● Source material
[Start of Attachment]

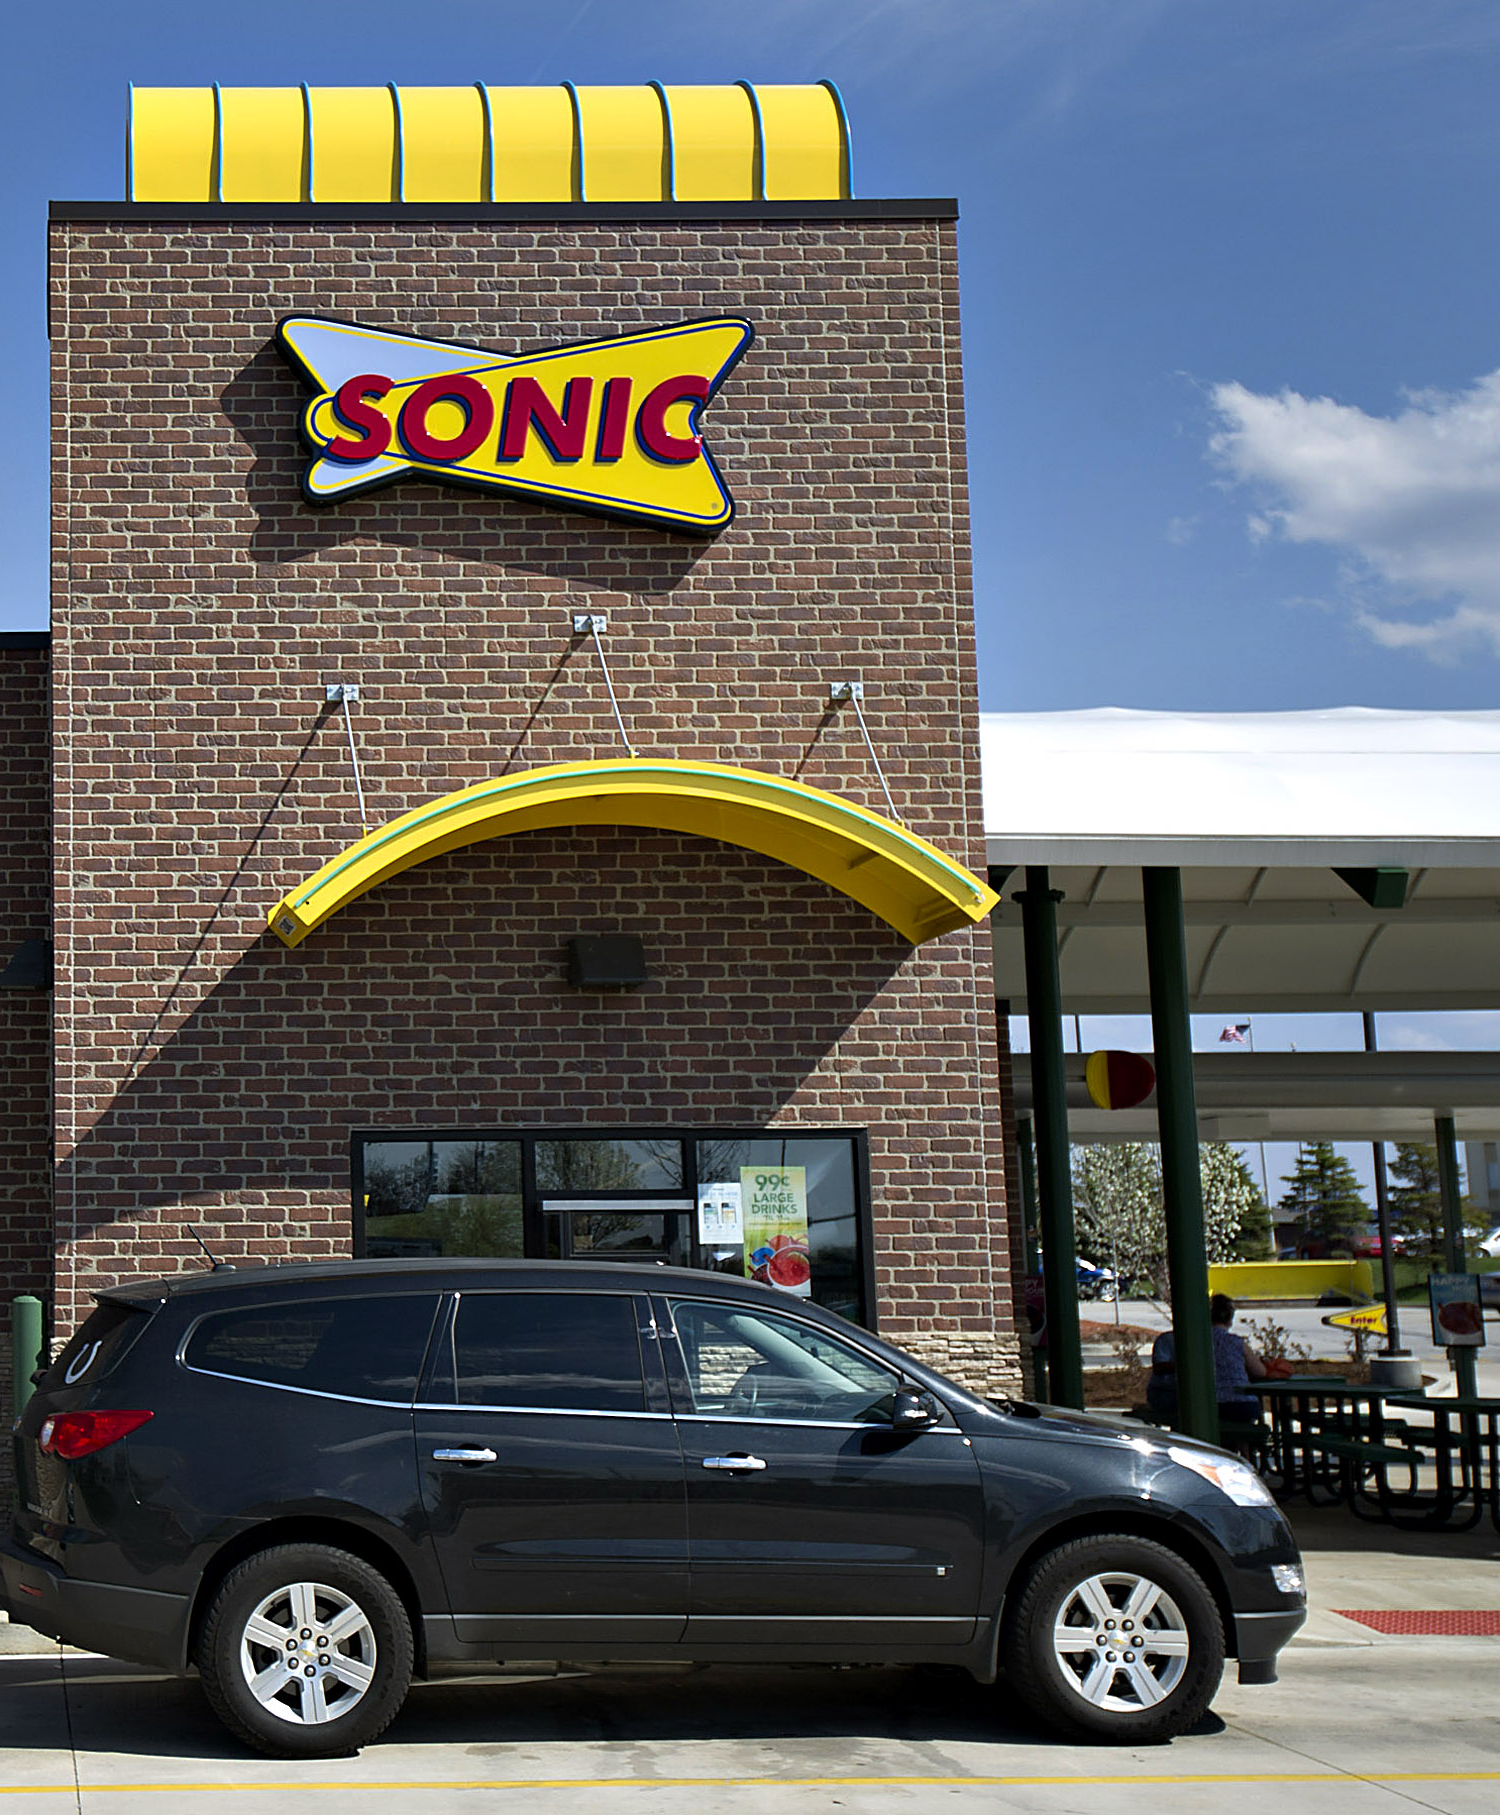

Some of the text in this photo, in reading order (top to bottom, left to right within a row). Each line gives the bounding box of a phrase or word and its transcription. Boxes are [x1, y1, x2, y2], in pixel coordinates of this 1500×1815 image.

[324, 374, 711, 464] SONIC
[753, 1192, 794, 1203] LARGE
[751, 1203, 798, 1214] DRINKS
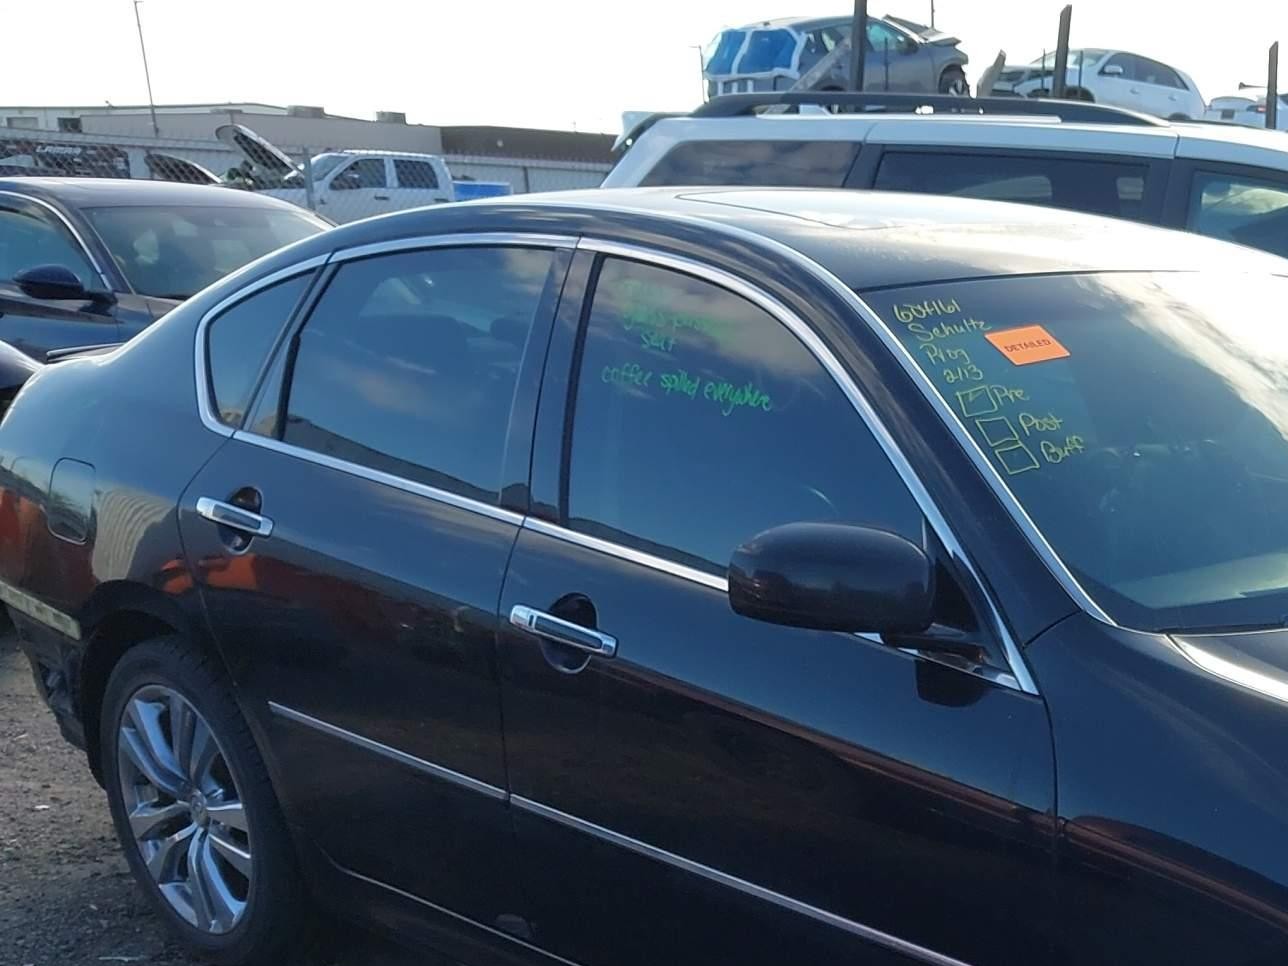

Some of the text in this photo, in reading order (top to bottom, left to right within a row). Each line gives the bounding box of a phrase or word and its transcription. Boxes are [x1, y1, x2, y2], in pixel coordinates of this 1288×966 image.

[1004, 338, 1053, 353] DETAILED
[943, 364, 984, 384] 2/13
[703, 380, 772, 417] everywhere
[989, 384, 1030, 406] Pre
[1018, 409, 1064, 437] Post
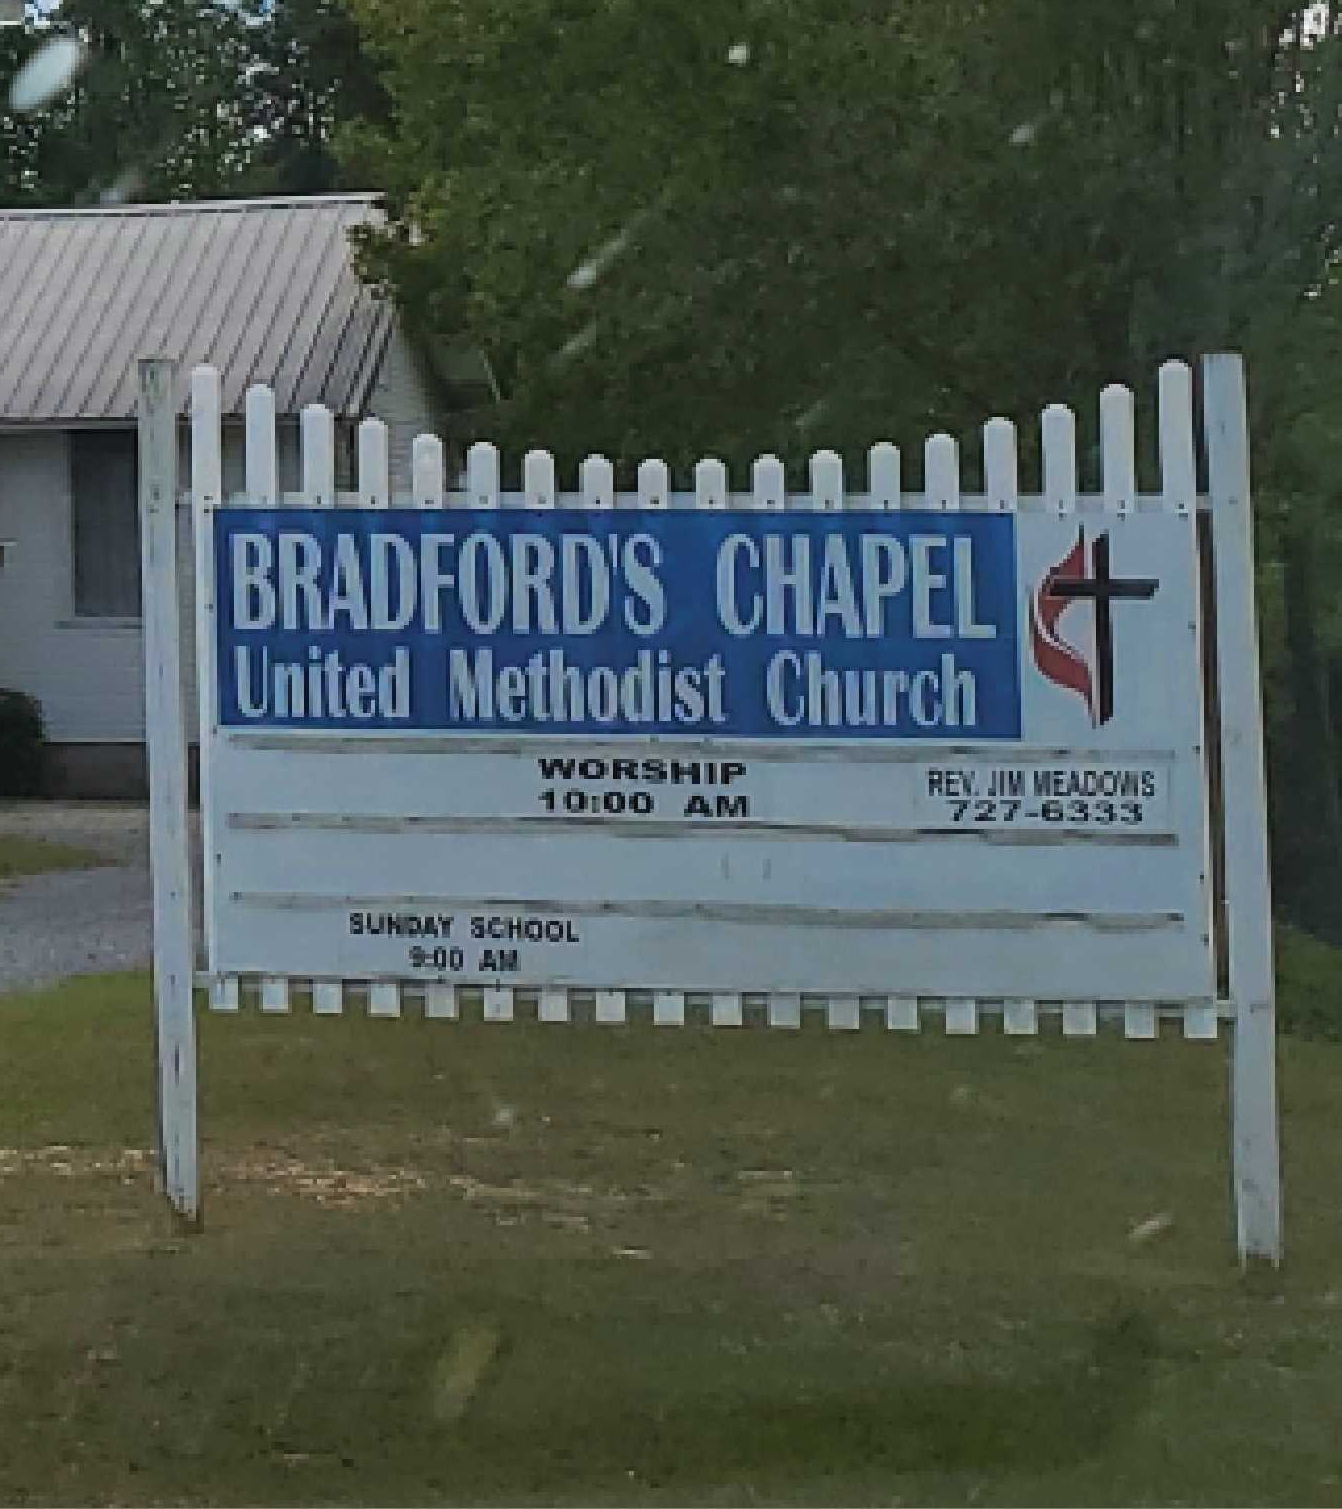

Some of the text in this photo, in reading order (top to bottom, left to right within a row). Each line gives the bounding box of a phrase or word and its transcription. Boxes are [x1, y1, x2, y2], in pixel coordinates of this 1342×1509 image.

[231, 533, 997, 638] BRADFORD'S CHAPEL
[236, 645, 976, 726] United Methodist Church
[539, 758, 746, 784] WORSHIP
[926, 769, 1155, 797] REV. JIM MEADOWS
[539, 789, 750, 817] 10:00 AM
[946, 799, 1143, 824] 727-6333
[349, 912, 579, 942] SUNDAY SCHOOL
[409, 946, 520, 971] 9:00 AM

[End of Attachment]

● Activity
Repeat, character for character, the lines from the one that holds "this 1342×1509 image." to the final line of the material, inclusive, and no other lines.

● Output of the task
Some of the text in this photo, in reading order (top to bottom, left to right within a row). Each line gives the bounding box of a phrase or word and its transcription. Boxes are [x1, y1, x2, y2], in pixel coordinates of this 1342×1509 image.

[231, 533, 997, 638] BRADFORD'S CHAPEL
[236, 645, 976, 726] United Methodist Church
[539, 758, 746, 784] WORSHIP
[926, 769, 1155, 797] REV. JIM MEADOWS
[539, 789, 750, 817] 10:00 AM
[946, 799, 1143, 824] 727-6333
[349, 912, 579, 942] SUNDAY SCHOOL
[409, 946, 520, 971] 9:00 AM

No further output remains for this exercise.